The deal with the church effectively undid a transaction completed just before the Civil War.
The church bought lots in a cemetery that was working to catch on — Green-Wood. The church closed its own burial ground on Fulton Street, disinterring and moving the bodies, including some that had been laid to rest before the Revolutionary War.
“Green-Wood was a great vision, but it was not successful for a long time,” said the Rev. Daniel Meeter, the pastor of Old First.
“One of the things they did was they started asking churches if they would consider burying their dead at Green-Wood instead of in their graveyards. So to help Green-Wood, we purchased” the plots in 1860.
Moylan said eight other churches had bought space for burials at Green-Wood; he said he did not foresee any more buyback deals. “
I don’t think any of them have anywhere near the amount of space that this one had,” he said.
The church hoped that Green-Wood would pay $1 million for the land, said Meeter, who noted that the church’s last plot at GreenWood had gone for $22,000.

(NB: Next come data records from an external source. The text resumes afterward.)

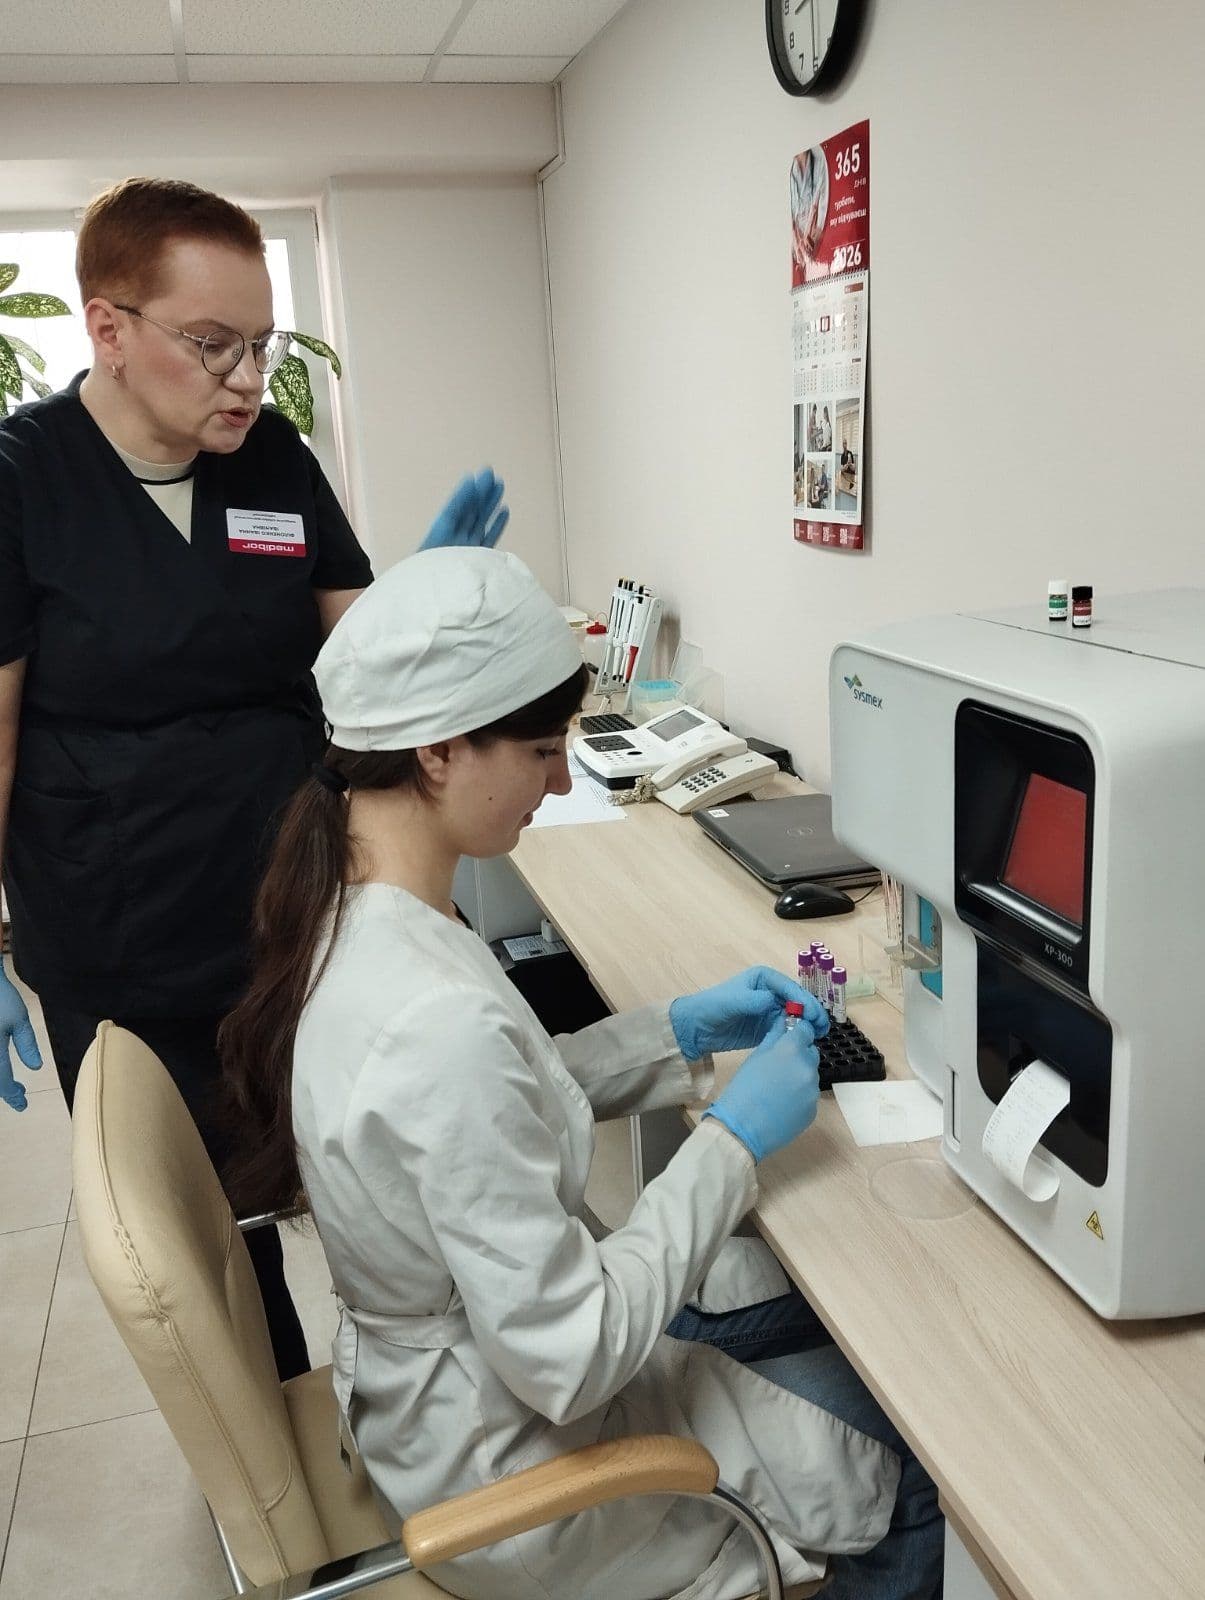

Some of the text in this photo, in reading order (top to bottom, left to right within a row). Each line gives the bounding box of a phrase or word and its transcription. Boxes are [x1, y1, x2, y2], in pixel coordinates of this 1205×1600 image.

[784, 0, 789, 15] 9
[789, 32, 794, 49] 8
[799, 53, 804, 70] 7
[835, 143, 860, 181] 365
[832, 243, 862, 271] 2026
[853, 688, 883, 710] sysmex
[1044, 941, 1073, 968] XP-300

“If you multiply 400 sites by $25,000 each, that was our dream number,” he recalled — $10 million. “We never thought we’d get that much.”
Moylan called the transaction “a win-win”: The church got money for its restoration, and Green-Wood got space it could use.
He said Green-Wood had a staff member who had been “working really hard to find space.”
“He goes through section by section and finds available space,” Moylan said. “This will help.”